▶ **Brief**: Repeat the records verbatim and leave the pictures out of your copy.

▶ **Source records**:
******

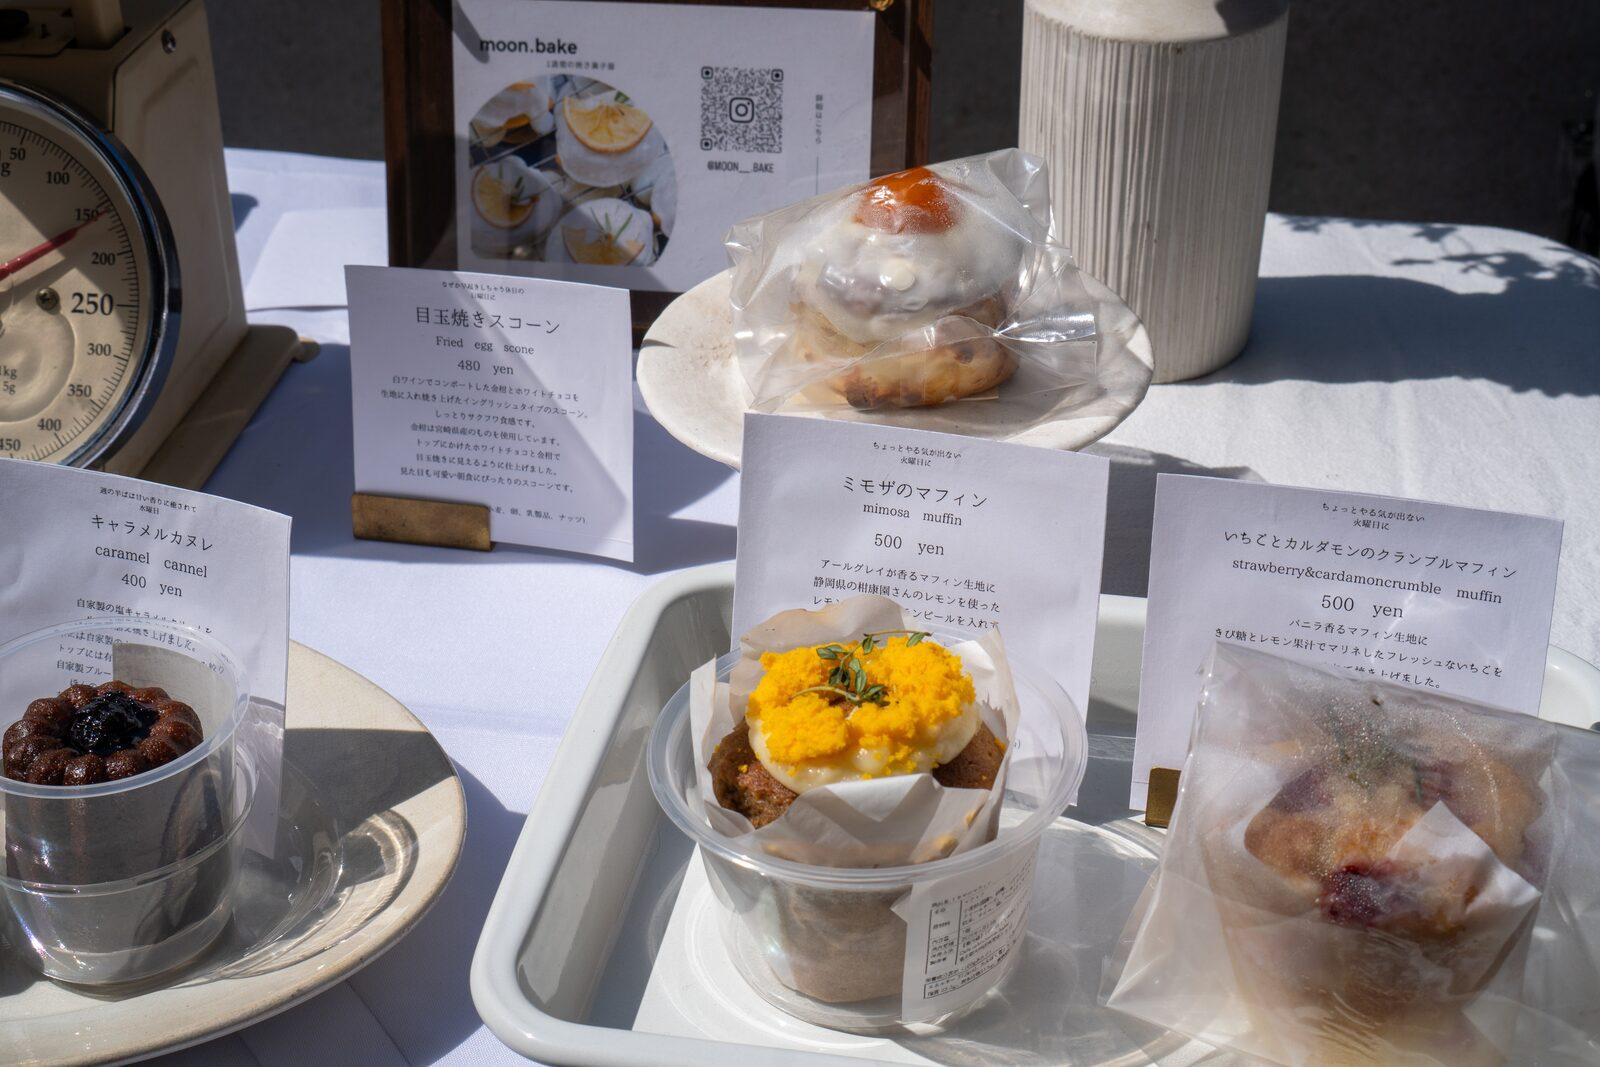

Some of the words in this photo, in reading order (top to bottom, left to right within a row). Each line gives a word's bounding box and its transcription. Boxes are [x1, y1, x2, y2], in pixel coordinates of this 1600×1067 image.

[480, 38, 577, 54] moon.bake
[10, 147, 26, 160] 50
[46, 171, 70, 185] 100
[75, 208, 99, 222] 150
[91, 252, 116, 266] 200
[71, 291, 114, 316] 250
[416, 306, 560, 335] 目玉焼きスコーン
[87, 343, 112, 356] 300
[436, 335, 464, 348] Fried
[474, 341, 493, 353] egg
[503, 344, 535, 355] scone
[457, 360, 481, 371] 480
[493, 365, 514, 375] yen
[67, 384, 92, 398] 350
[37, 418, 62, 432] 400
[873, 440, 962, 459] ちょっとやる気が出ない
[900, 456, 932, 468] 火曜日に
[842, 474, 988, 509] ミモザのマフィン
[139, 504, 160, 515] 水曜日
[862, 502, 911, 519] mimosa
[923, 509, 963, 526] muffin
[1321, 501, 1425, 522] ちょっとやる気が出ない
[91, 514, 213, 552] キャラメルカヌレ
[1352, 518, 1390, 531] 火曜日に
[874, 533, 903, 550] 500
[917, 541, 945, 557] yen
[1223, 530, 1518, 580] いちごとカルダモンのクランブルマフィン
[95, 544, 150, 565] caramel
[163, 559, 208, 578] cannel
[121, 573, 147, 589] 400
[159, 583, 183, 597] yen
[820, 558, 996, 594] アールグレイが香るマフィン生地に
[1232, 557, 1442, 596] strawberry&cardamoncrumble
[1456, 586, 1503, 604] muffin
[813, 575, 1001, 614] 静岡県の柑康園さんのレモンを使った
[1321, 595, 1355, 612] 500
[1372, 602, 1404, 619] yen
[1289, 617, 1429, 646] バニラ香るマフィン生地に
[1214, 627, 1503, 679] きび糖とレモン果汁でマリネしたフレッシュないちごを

******

▶ **Exercise result**:
Some of the words in this photo, in reading order (top to bottom, left to right within a row). Each line gives a word's bounding box and its transcription. Boxes are [x1, y1, x2, y2], in pixel coordinates of this 1600×1067 image.

[480, 38, 577, 54] moon.bake
[10, 147, 26, 160] 50
[46, 171, 70, 185] 100
[75, 208, 99, 222] 150
[91, 252, 116, 266] 200
[71, 291, 114, 316] 250
[416, 306, 560, 335] 目玉焼きスコーン
[87, 343, 112, 356] 300
[436, 335, 464, 348] Fried
[474, 341, 493, 353] egg
[503, 344, 535, 355] scone
[457, 360, 481, 371] 480
[493, 365, 514, 375] yen
[67, 384, 92, 398] 350
[37, 418, 62, 432] 400
[873, 440, 962, 459] ちょっとやる気が出ない
[900, 456, 932, 468] 火曜日に
[842, 474, 988, 509] ミモザのマフィン
[139, 504, 160, 515] 水曜日
[862, 502, 911, 519] mimosa
[923, 509, 963, 526] muffin
[1321, 501, 1425, 522] ちょっとやる気が出ない
[91, 514, 213, 552] キャラメルカヌレ
[1352, 518, 1390, 531] 火曜日に
[874, 533, 903, 550] 500
[917, 541, 945, 557] yen
[1223, 530, 1518, 580] いちごとカルダモンのクランブルマフィン
[95, 544, 150, 565] caramel
[163, 559, 208, 578] cannel
[121, 573, 147, 589] 400
[159, 583, 183, 597] yen
[820, 558, 996, 594] アールグレイが香るマフィン生地に
[1232, 557, 1442, 596] strawberry&cardamoncrumble
[1456, 586, 1503, 604] muffin
[813, 575, 1001, 614] 静岡県の柑康園さんのレモンを使った
[1321, 595, 1355, 612] 500
[1372, 602, 1404, 619] yen
[1289, 617, 1429, 646] バニラ香るマフィン生地に
[1214, 627, 1503, 679] きび糖とレモン果汁でマリネしたフレッシュないちごを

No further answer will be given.